‘Confidante’ is the seventh track on Egypt Station, Paul McCartney’s 17th solo studio album.
With the song ‘Confidante’ I happened to be at home and I was looking in the corner where, propped up, was my old Martin guitar that I normally just have there, so if I feel like playing the guitar I’ll take it down and play it or try and write a song or whatever you do.And I thought to myself: I haven’t had time lately to play guitar. And it reminded me that, when we first got guitars years and years ago, it would be like a friend. It would be like a confidante: you’d go off into the corner, and you’d write a little song, and you’d sort of almost tell your troubles to your guitar.
It’s a love song to the guitar. How the guitar was my confidante, and I told you every secret thing and, in fact, unlike my other so-called friends, you stood beside me while I fought.
And so it became a symbol of the guitar as a mate, as a friend, as a confidante.

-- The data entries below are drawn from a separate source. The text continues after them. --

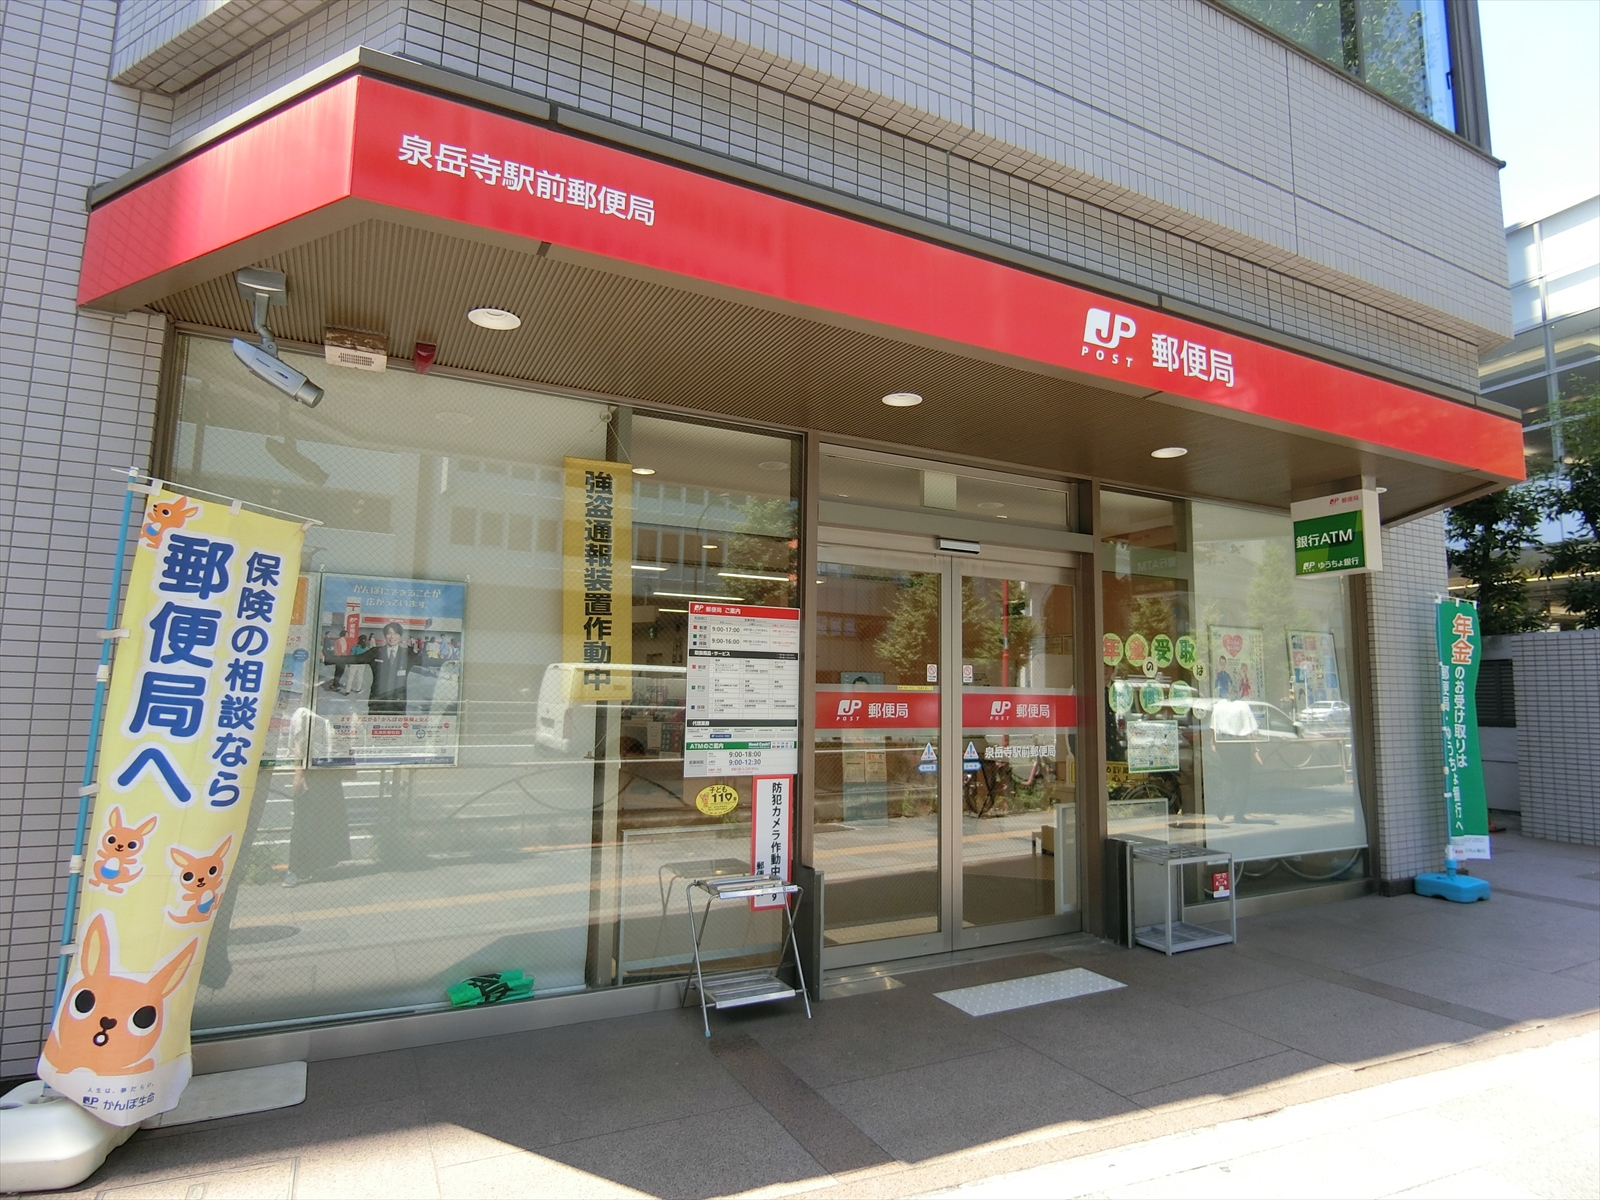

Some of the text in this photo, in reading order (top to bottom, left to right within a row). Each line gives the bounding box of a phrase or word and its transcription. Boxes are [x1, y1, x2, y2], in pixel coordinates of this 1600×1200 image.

[398, 134, 656, 227] 泉岳寺駅前郵便局
[1083, 307, 1137, 349] JP
[1081, 346, 1134, 368] POST
[1151, 333, 1235, 388] 郵便局
[1295, 528, 1353, 549] 銀行ATM
[1317, 556, 1360, 570] ゆうちょ銀行
[353, 584, 442, 598] かんぽにできることが
[583, 470, 614, 691] 強盗通報装置作動中
[724, 607, 741, 615] ご案内
[117, 533, 235, 803] 郵便局へ
[208, 551, 282, 807] 保険の相談なら
[1451, 613, 1474, 768] 年金のお受け取りは
[837, 699, 909, 719] JP 郵便局
[990, 700, 1051, 719] JP 郵便局
[984, 745, 1057, 759] 泉岳寺駅前郵便局
[771, 782, 782, 900] 防犯カメラ作動中
[87, 1082, 155, 1094] 人生は、夢だらけ。
[102, 1092, 156, 1111] かんぽ生命

One line in the song was inspired by the teachings of Maharishi Mahesh Yogi, with whom The Beatles studied Transcendental Meditation in 1967 and 1968.

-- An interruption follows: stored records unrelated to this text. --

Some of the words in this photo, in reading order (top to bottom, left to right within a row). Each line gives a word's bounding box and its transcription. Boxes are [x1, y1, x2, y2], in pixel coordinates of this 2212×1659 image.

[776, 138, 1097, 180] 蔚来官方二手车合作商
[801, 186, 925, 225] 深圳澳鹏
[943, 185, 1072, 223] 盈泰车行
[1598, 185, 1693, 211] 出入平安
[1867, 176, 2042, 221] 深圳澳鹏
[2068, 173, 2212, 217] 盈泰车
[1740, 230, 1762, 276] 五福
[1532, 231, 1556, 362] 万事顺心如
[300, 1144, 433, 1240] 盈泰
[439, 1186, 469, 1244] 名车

‘Serpents turn to bits of string’. This is a reference to something that happened when we were meditating with the Maharishi in Rishikesh back in 1968. Every evening, people would meet and talk, and the Maharishi would field questions, and one thing in particular stuck in my mind. People always used to say, ‘Just meditate. Don’t worry; it’s all cool.’ And there was this guy who said, ‘Maharishi, I’m from New York and I have to tell you, I’m scared of snakes.’ The poor guy had a phobia about them. He said, ‘I was meditating, and I saw this snake come towards me in the meditation. I was really scared, but I remembered what you said: just look at it and meditate. And it turned into a little piece of string.’ I always thought that was a great image, and I remembered it.
The Lyrics: 1956 To The Present
His main acoustic is his Martin D28 which he’s had for about 30 years. He’s used that for everything, recording, live. We’ve got a couple, we’ve just got a new-ish one and he’s got an older one, a ’64 D28 that lives at home with him.He wrote a song on his last album called ‘Confidante’, and that was written about that guitar. But we got this one new about 28-29 years ago. Throughout Wings he was using Ovations because back then they wanted a pickup for live and Ovation was the only way to go then.
They’ve kind of been bettered by other things since then. So when we got the Martin all those years back we developed some ways with little Crown contact mics, it’s now progressed to a pickup but when we’re in the studio we just mic it up.